On Thursday 23 January 2014 Danielle van Hout will defend her PhD thesis entitled 'Measuring Meaningful Differences - Sensory testing based decision making in an industrial context; applications of signal detection theory and Thurstonian modelling'. Supervisor is Professor Patrick Groenen (Erasmus School of Economics) and Professor Garmt Dijksterhuis (University of Copenhagen). Other members of the Doctoral Committee are Professor Roy Thurik (Erasmus School of Economics), Professor Rolf Zwaan (Faculty of Social Sciences, Erasmus University Rotterdam) and Professor Kees de Graaf (Wageningen University and Research centre).
Time and location
The PhD defence will take place in the Senate Hall of Erasmus University Rotterdam and will start at 13.30 hrs.
About Danielle van Hout
Danielle van Hout was born on the 31 May 1972 in Kerkrade, The Netherlands. After completing her secondary school at the Sancta Maria College in Kerkrade, she studied Food and Business at the Hogeschool Zuyd, in Heerlen.
This study aimed to deliver food marketers with broad skills in the field of Food Science, Marketing and Economics. During this study she conducted two internships on sensory evaluation topics. The first was to set-up descriptive sensory panel for Verkade Chocolates, and the second to implement a sensory quality system at Campina – Melkunie, Mona.
After graduation in 1994, Danielle started working at Unilever Research and Development in Vlaardingen as a sensory panel leader. Through the years she has been taken on various different roles in the research organisation; sensory team leader, global innovation project leader, expertise team leader, and her current role is that of science leader in the global Strategic Science group. During her 18 years career in Unilever she studied and implemented many different sensory and consumer tests for the various research and innovation projects. In particular in the area of signal detection theory and Thurstonian modelling she collaborates with various leading academic scientists, researching more effective sensory and consumer test methods. Many of the results are published in peer-review journals.

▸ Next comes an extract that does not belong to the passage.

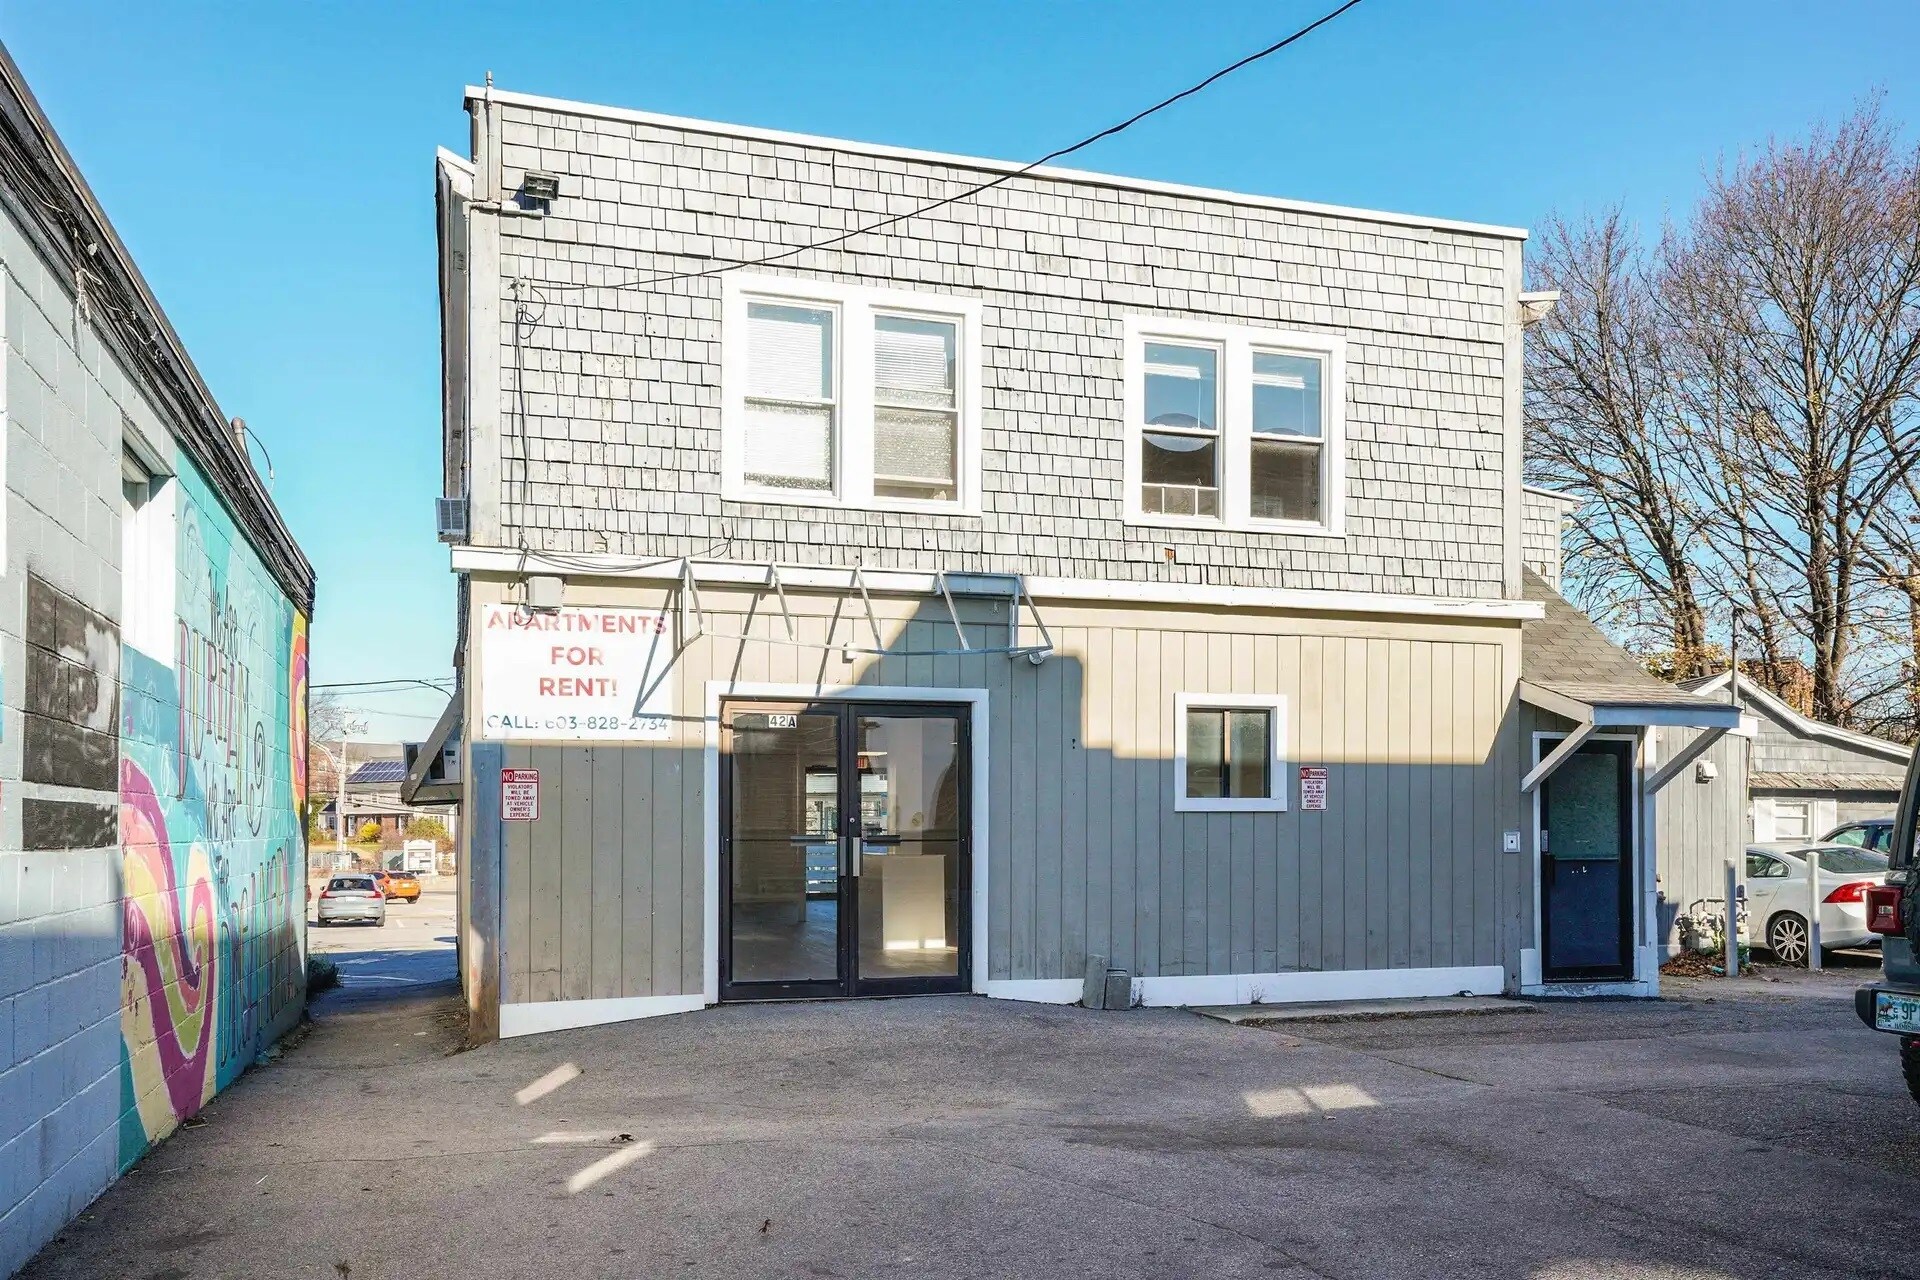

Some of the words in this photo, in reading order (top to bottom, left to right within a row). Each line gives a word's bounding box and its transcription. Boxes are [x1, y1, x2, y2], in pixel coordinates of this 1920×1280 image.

Abstract of 'Measuring Meaningful Differences - Sensory testing based decision making in an industrial context; applications of signal detection theory and Thurstonian modelling'
In the Fast Moving Consumer Goods industry, results from sensory research form the basis for many important business decisions. Examples of such decisions are whether to launch new products, change existing products in order to make them more healthy or sustainable, or whether to continue with specific novel technological developments. To make good quality decisions, it is important that the sensory methods used are fast, accurate and deliver robust results.
Signal detection theory and Thurstonian modelling can improve the effectiveness of sensory research, and these theories have been applied to one specific type of methods; sensory difference tests. Sensory difference tests are used to measure small differences between products, and can be used to answer important questions like: “Are these two products similar in taste?”, “Does this new ingredient make the product different?”, and “Will our consumers be able to notice the differences?”
Two signal detection applications have been investigated. The first application is to compare test methods and identify how to optimize them, as there are many methods available that largely differ in performance. With this knowledge, more effective methods can be selected or specifically designed. The second application is to integrate results from different studies to improve the effectiveness of sensory testing in general, for example by relating sensory differences detected by a trained panel “In Lab” to differences found by consumers “In Home”. Such knowledge can make future studies more predictive of what really matters to consumers, and improve the quality of decision making based on sensory results whilst reducing the amount of testing required.